*** Block opens ***
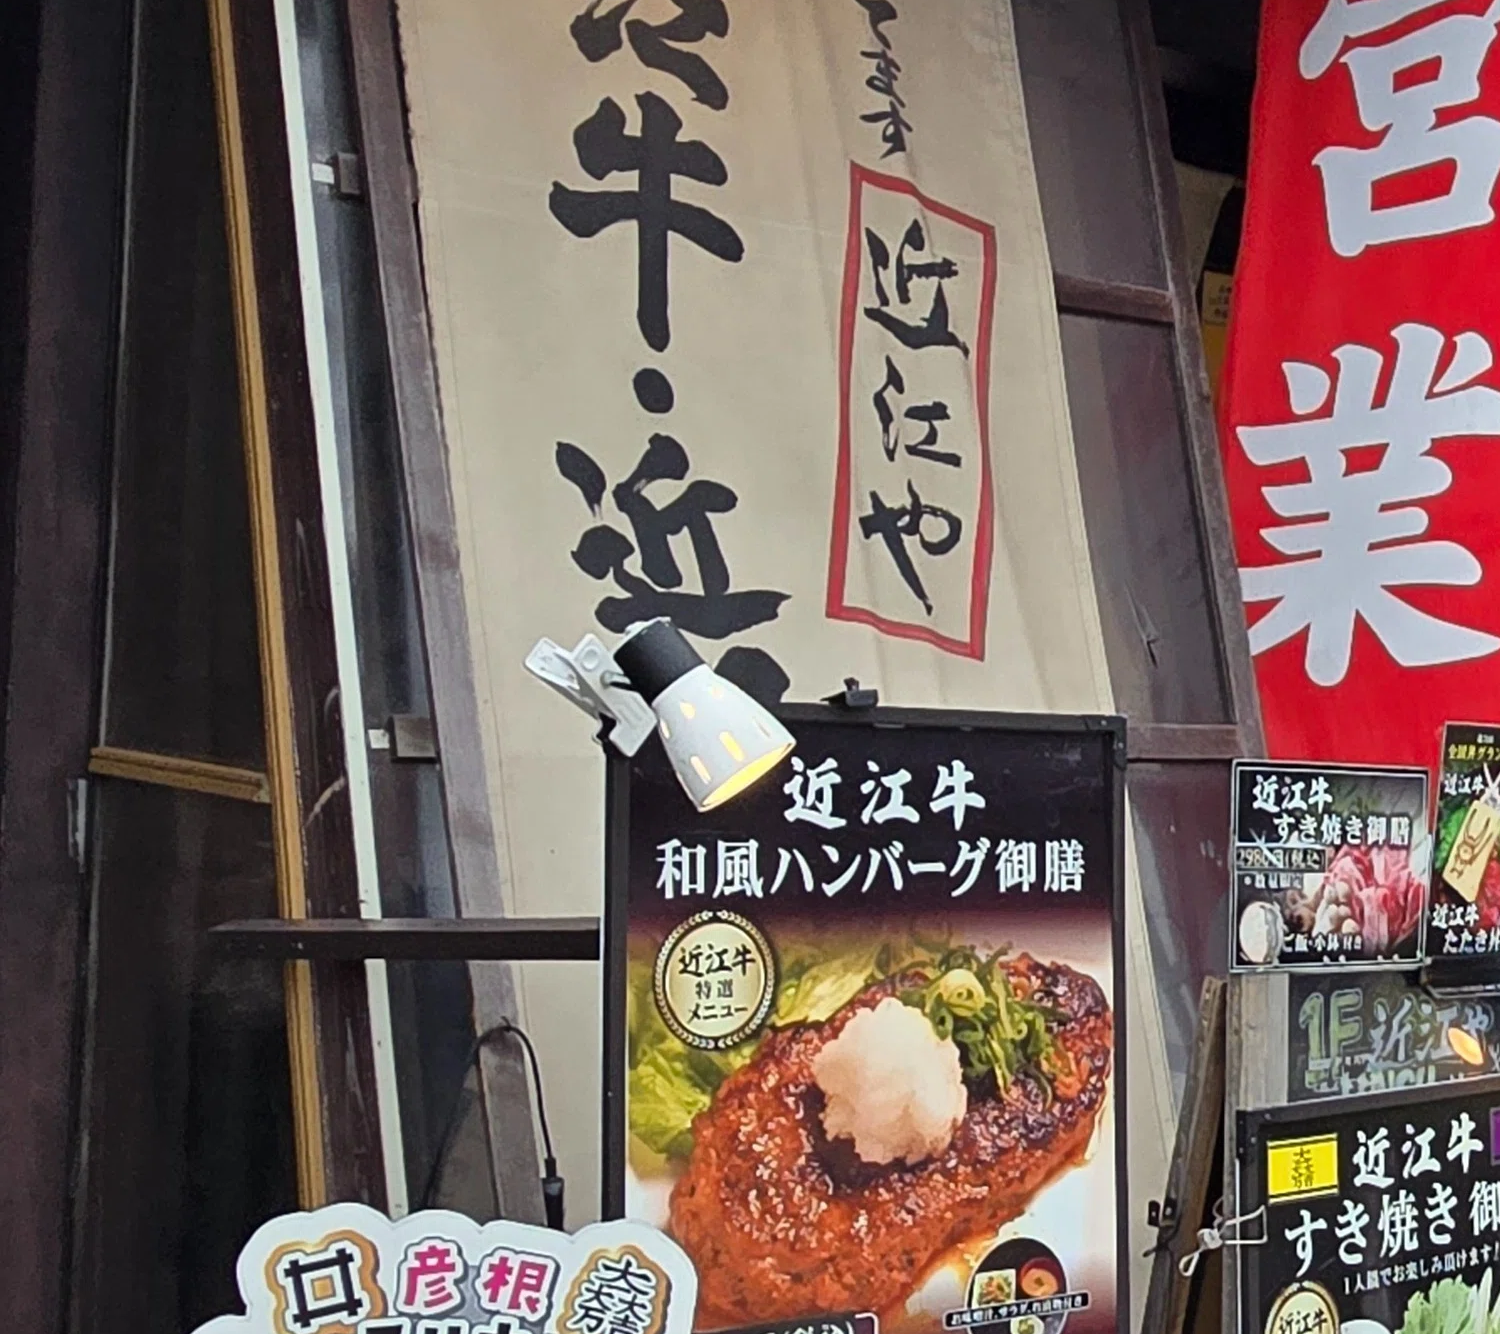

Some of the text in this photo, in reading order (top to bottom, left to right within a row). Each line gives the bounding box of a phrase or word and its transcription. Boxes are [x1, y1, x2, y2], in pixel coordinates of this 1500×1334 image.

[857, 218, 970, 614] 近江や
[784, 756, 986, 831] 近江牛
[1253, 774, 1333, 814] 近江牛
[1272, 814, 1410, 847] すき焼き御膳
[655, 837, 1086, 900] 和風ハンバーグ御膳
[1430, 903, 1480, 927] 近江牛
[678, 945, 757, 978] 近江牛
[694, 979, 735, 1002] 特選
[687, 1002, 749, 1023] メニュー
[1353, 1112, 1483, 1189] 近江牛
[402, 1242, 551, 1316] 彦根
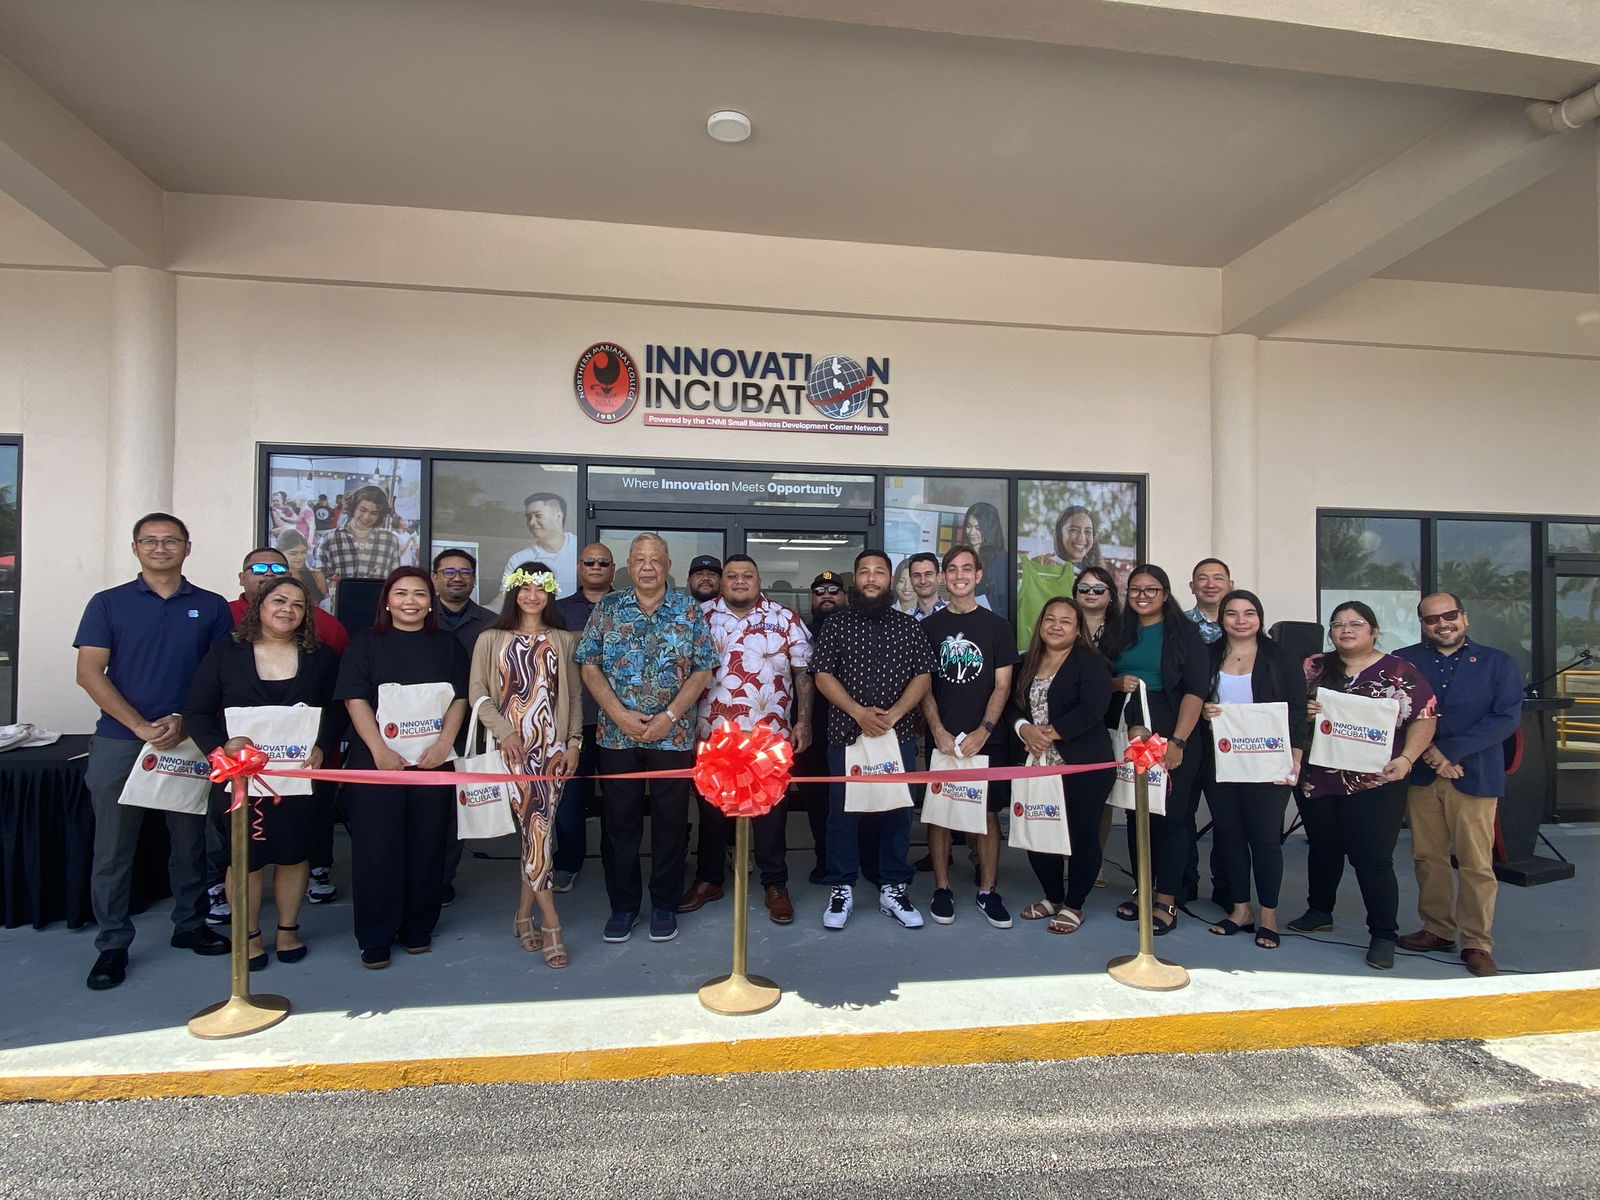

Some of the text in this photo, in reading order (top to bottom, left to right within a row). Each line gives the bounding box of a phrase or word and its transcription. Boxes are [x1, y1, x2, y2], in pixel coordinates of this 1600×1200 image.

[577, 352, 592, 399] NORTHERN
[592, 345, 631, 366] MARIANAS
[596, 412, 616, 421] 1981
[648, 415, 883, 432] Powered by the CNMI Small Business Development Center Network
[622, 477, 842, 497] Where Innovation Meets Opportunity
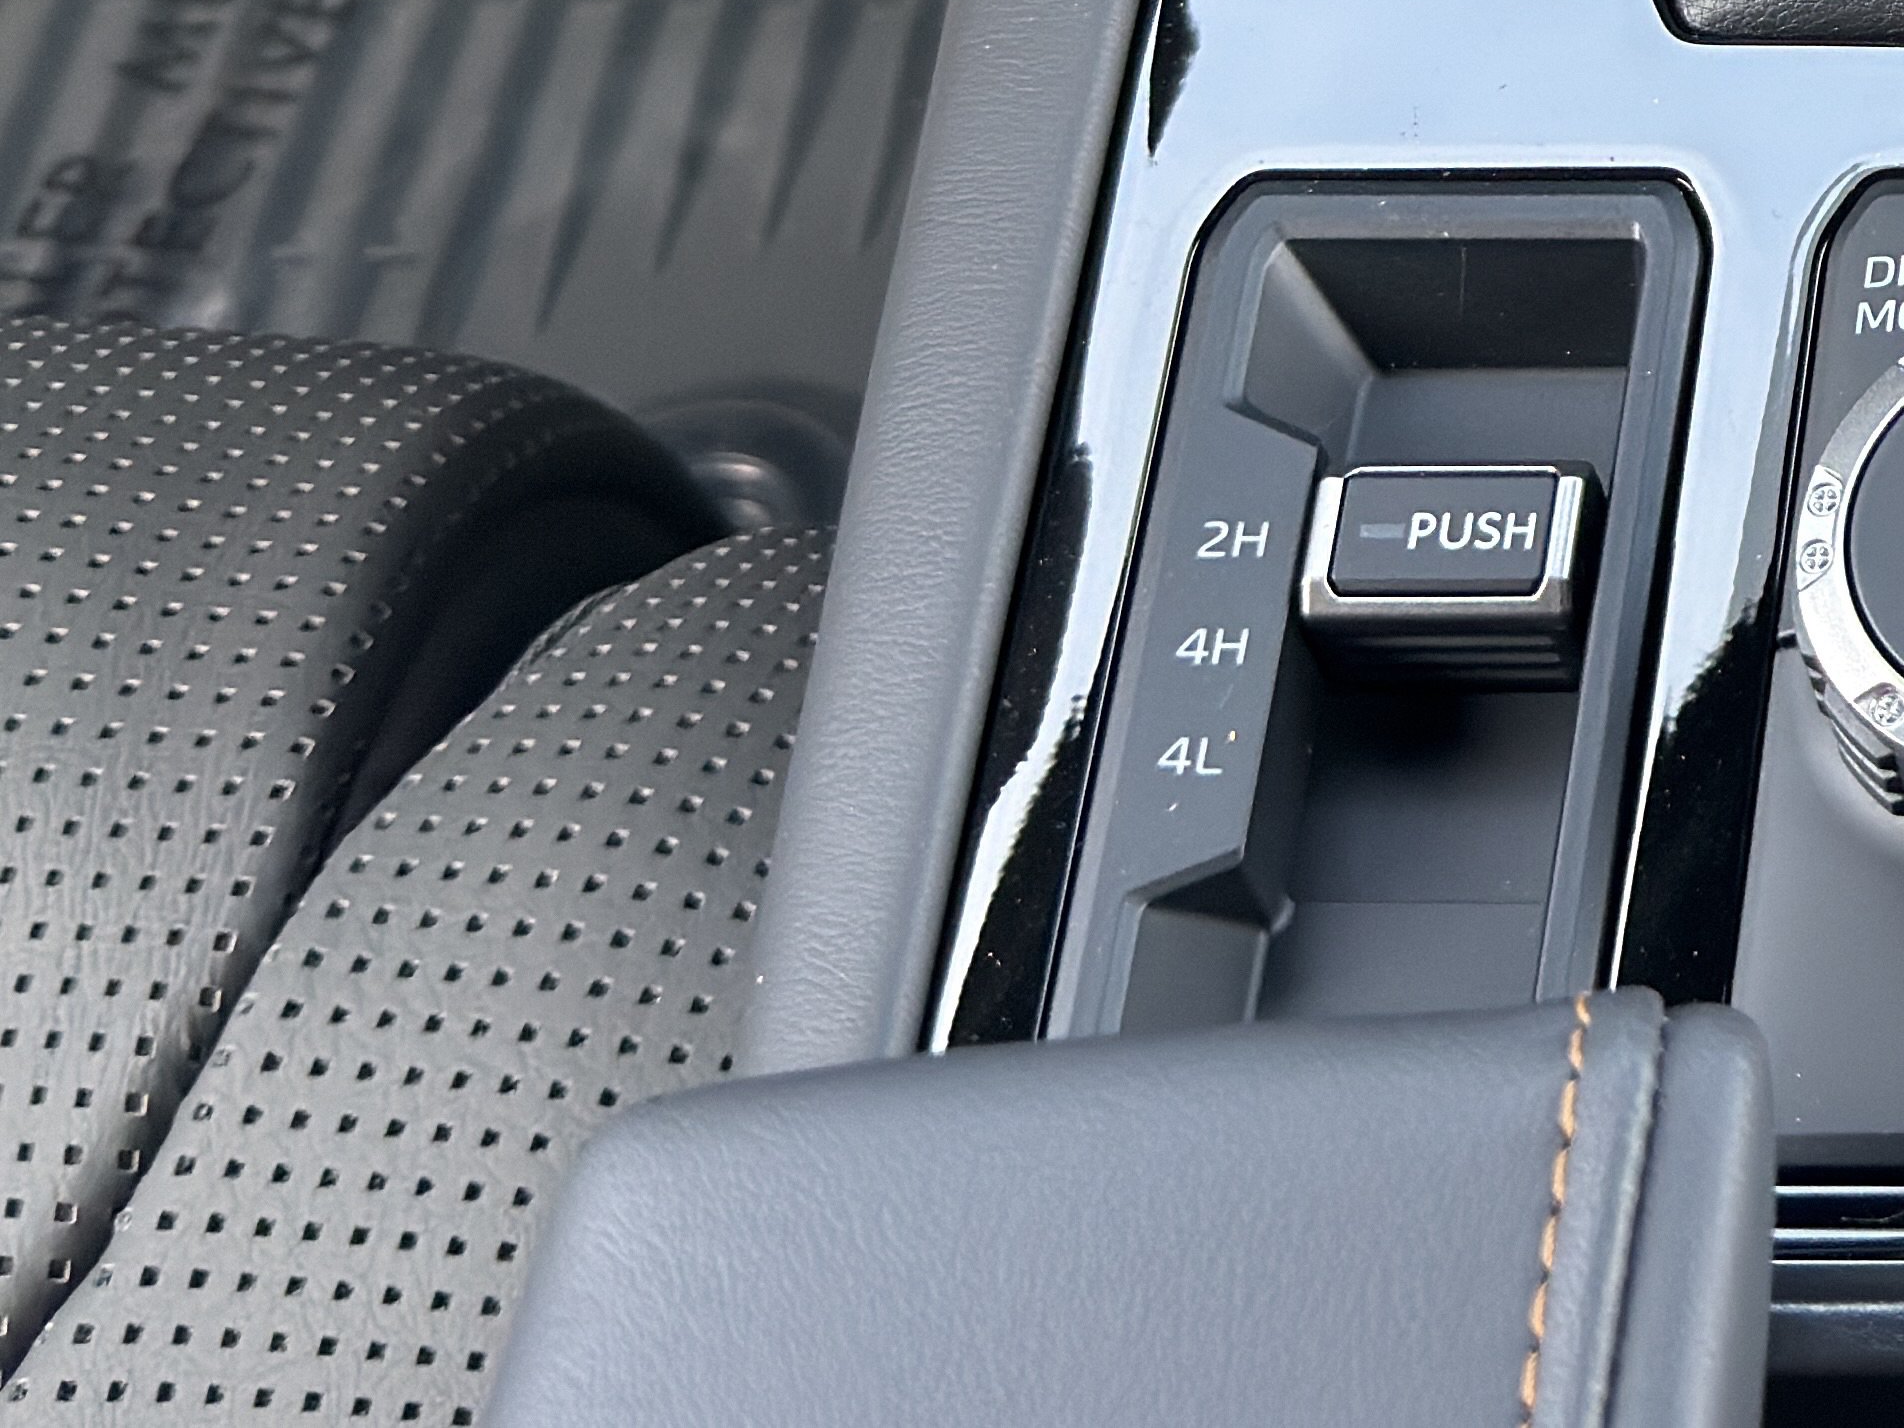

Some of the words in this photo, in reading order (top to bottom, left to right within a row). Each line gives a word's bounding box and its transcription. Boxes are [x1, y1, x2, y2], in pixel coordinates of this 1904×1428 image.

[1196, 520, 1270, 559] 2H
[1406, 511, 1537, 551] PUSH
[1175, 627, 1250, 666] 4H
[1156, 736, 1223, 776] 4L
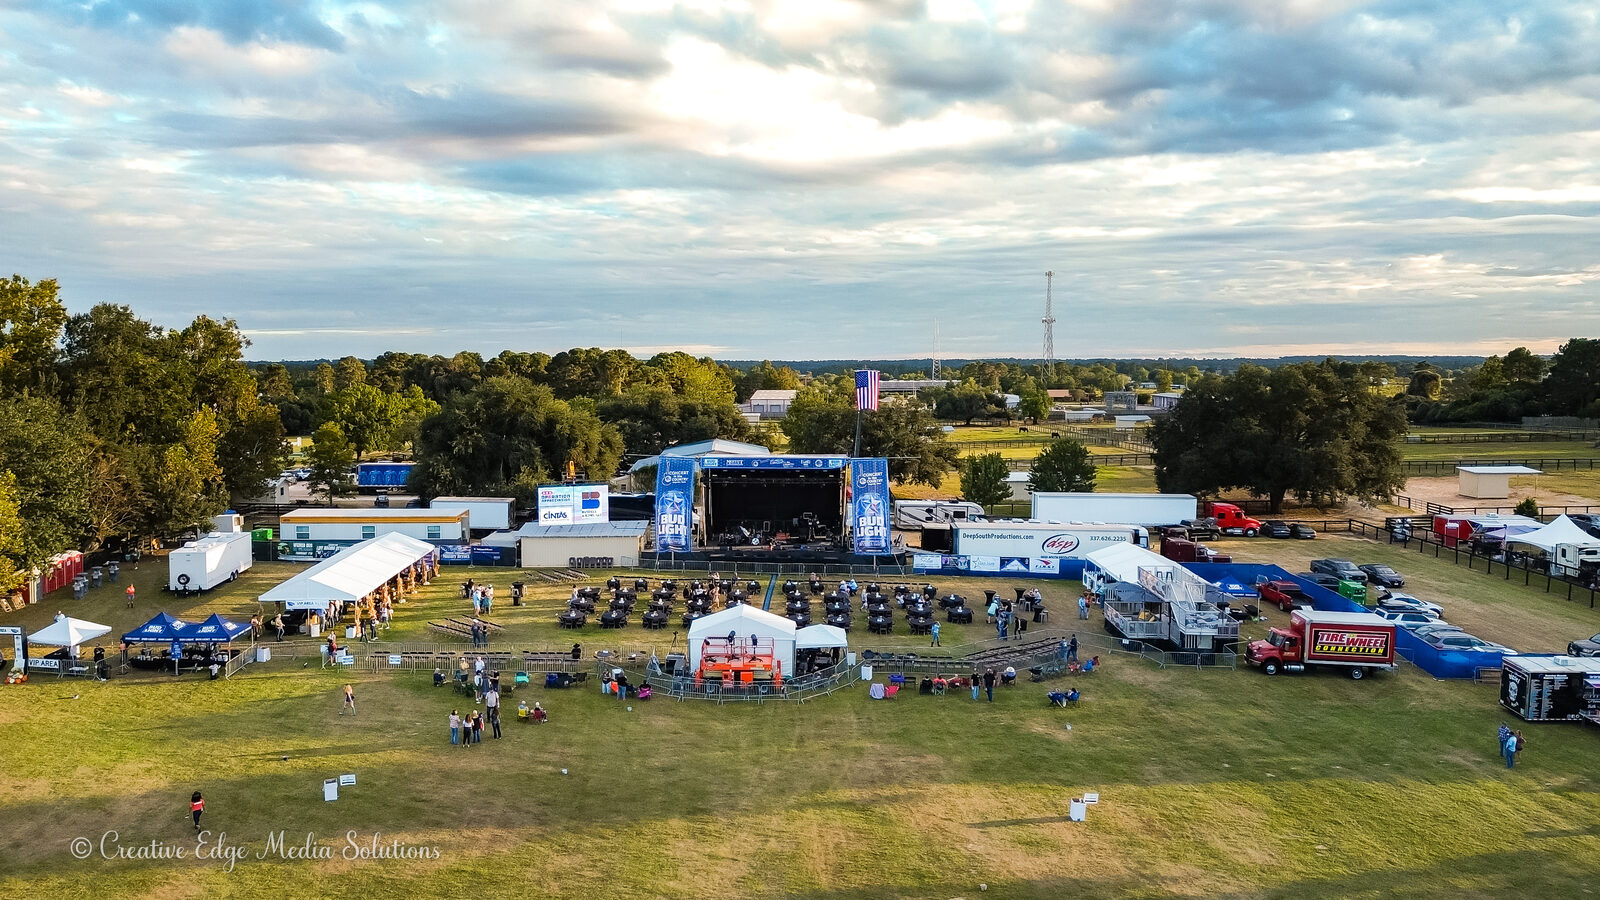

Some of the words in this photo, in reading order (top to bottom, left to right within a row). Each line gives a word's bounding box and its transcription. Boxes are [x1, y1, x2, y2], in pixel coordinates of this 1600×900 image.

[544, 511, 567, 520] CINTAS
[661, 514, 686, 524] BUD
[860, 516, 884, 526] BUD
[658, 524, 688, 536] LIGHT
[857, 526, 887, 537] LIGHT
[1046, 537, 1074, 553] dsp
[1319, 632, 1346, 642] TIRE
[1346, 638, 1385, 648] WHEEL
[1316, 646, 1384, 654] CONNECTION
*** Block closes ***
§ **TO DO**
Copy out precisely those lines which run from the one containing "this 1600×900 image." to the end of the material.

§ **SOLUTION FOR THIS PROBLEM**
Some of the words in this photo, in reading order (top to bottom, left to right within a row). Each line gives a word's bounding box and its transcription. Boxes are [x1, y1, x2, y2], in pixel coordinates of this 1600×900 image.

[544, 511, 567, 520] CINTAS
[661, 514, 686, 524] BUD
[860, 516, 884, 526] BUD
[658, 524, 688, 536] LIGHT
[857, 526, 887, 537] LIGHT
[1046, 537, 1074, 553] dsp
[1319, 632, 1346, 642] TIRE
[1346, 638, 1385, 648] WHEEL
[1316, 646, 1384, 654] CONNECTION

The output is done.